*** DATA FOR PROCESSING ***

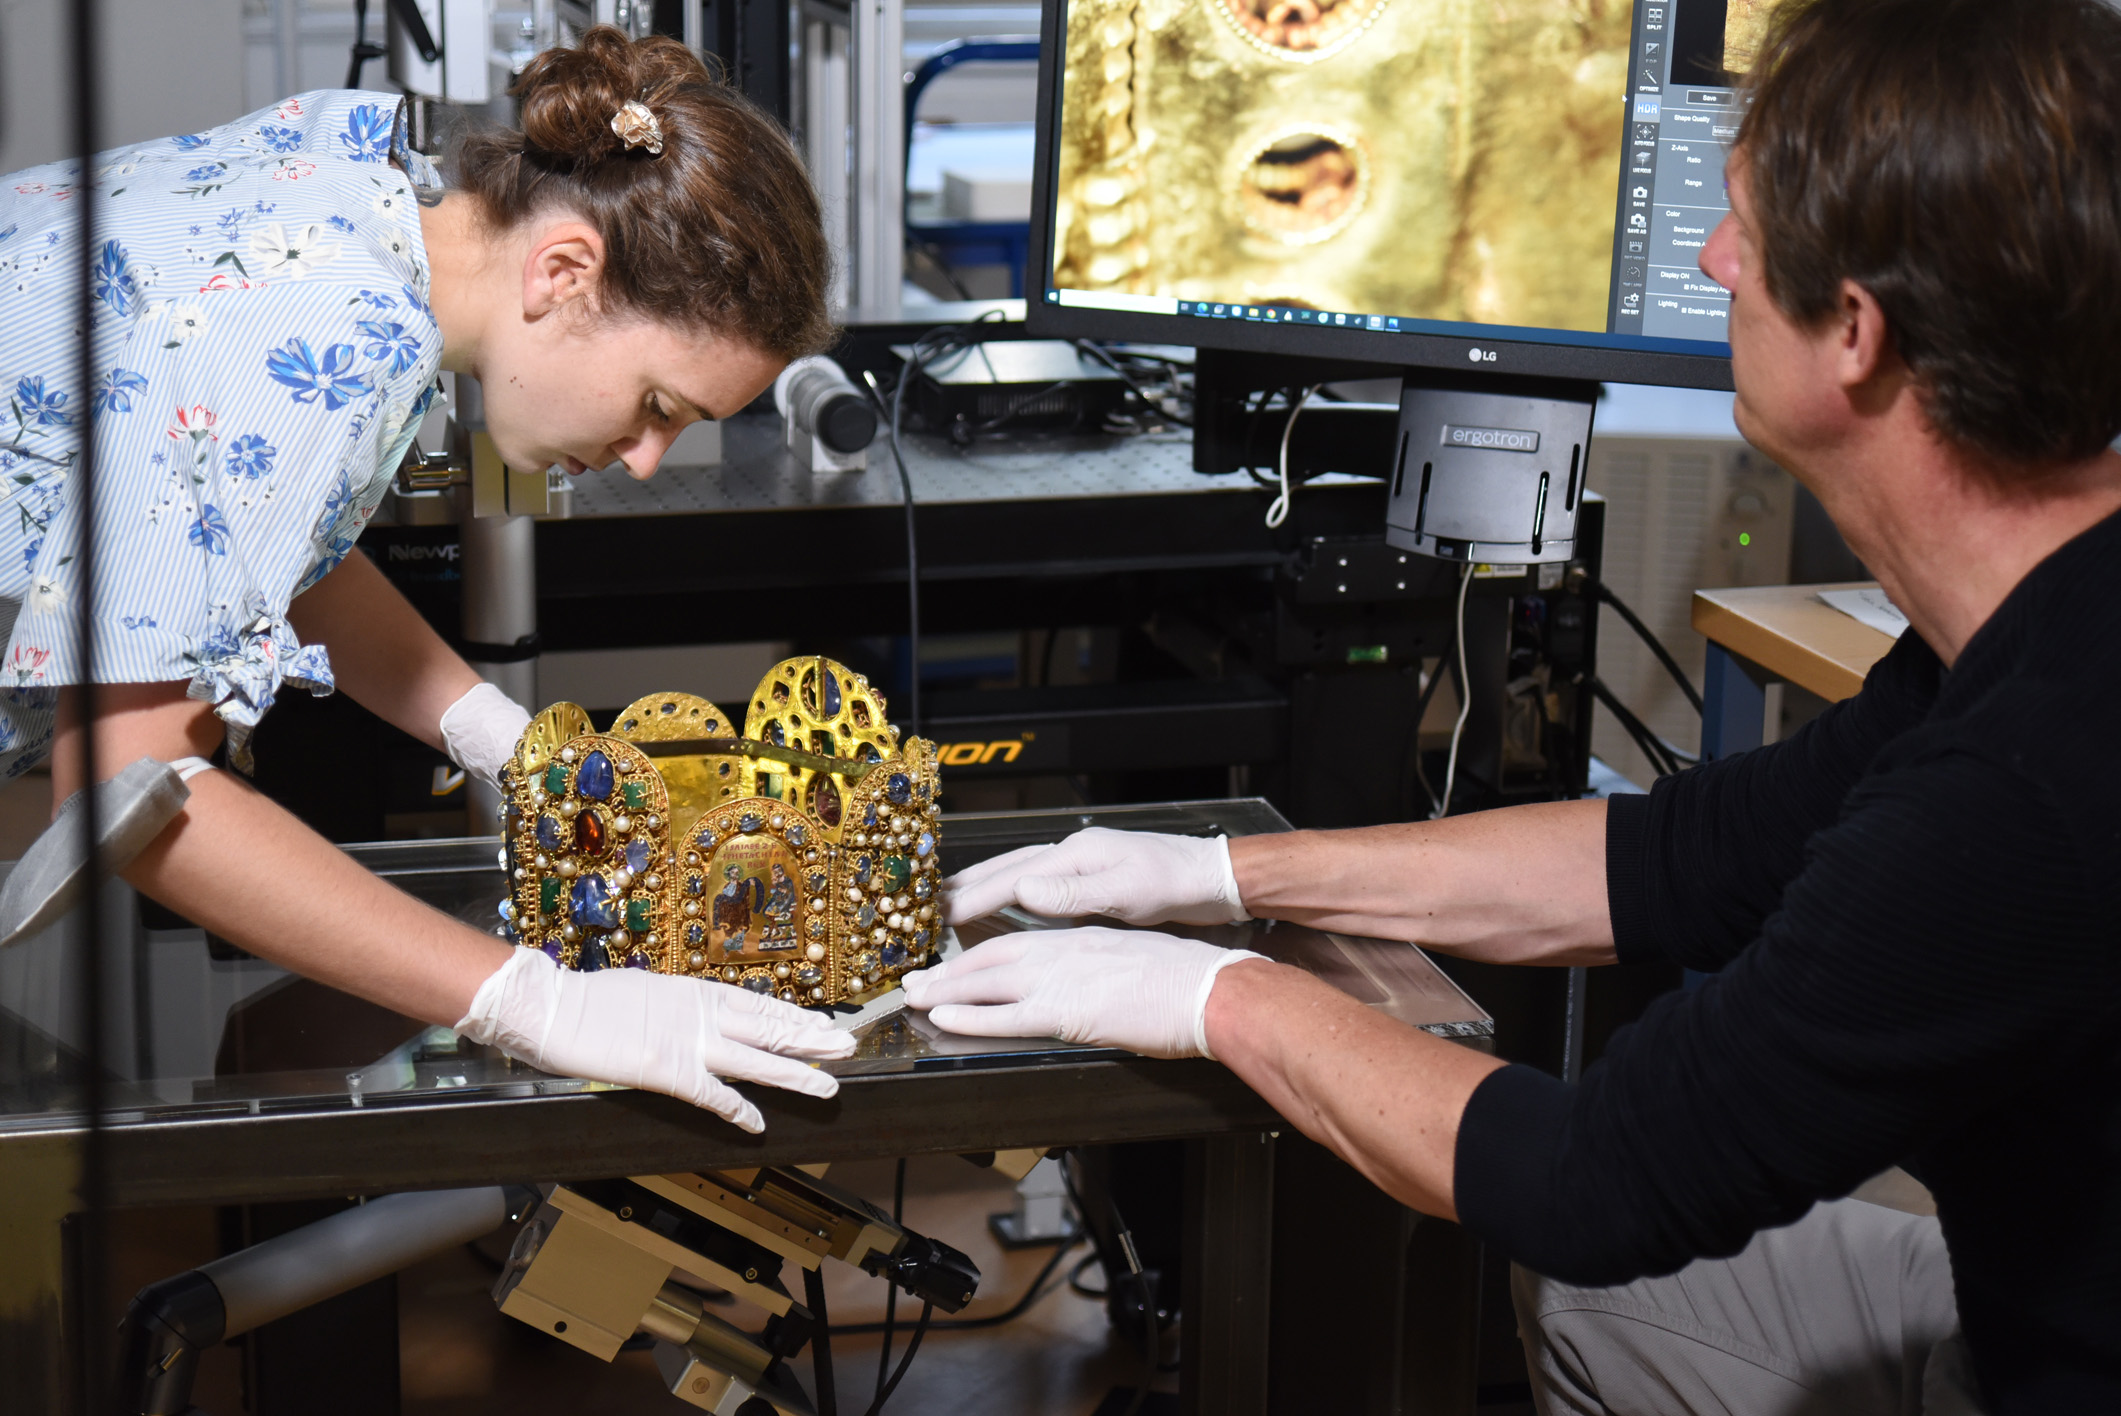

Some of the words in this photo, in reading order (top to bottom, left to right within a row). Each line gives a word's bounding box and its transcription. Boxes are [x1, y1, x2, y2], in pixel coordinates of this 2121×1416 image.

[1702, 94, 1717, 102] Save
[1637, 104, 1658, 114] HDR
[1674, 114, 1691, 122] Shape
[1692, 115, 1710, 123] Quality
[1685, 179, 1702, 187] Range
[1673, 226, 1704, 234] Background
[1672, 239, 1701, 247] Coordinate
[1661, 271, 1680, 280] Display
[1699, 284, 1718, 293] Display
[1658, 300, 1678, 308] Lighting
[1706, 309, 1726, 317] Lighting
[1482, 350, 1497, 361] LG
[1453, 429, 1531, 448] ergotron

*** End of DATA FOR PROCESSING ***

TASK REQUIREMENTS: Take the data above and repeat it exactly, leaving each picture out.

TASK OUTPUT:
Some of the words in this photo, in reading order (top to bottom, left to right within a row). Each line gives a word's bounding box and its transcription. Boxes are [x1, y1, x2, y2], in pixel coordinates of this 2121×1416 image.

[1702, 94, 1717, 102] Save
[1637, 104, 1658, 114] HDR
[1674, 114, 1691, 122] Shape
[1692, 115, 1710, 123] Quality
[1685, 179, 1702, 187] Range
[1673, 226, 1704, 234] Background
[1672, 239, 1701, 247] Coordinate
[1661, 271, 1680, 280] Display
[1699, 284, 1718, 293] Display
[1658, 300, 1678, 308] Lighting
[1706, 309, 1726, 317] Lighting
[1482, 350, 1497, 361] LG
[1453, 429, 1531, 448] ergotron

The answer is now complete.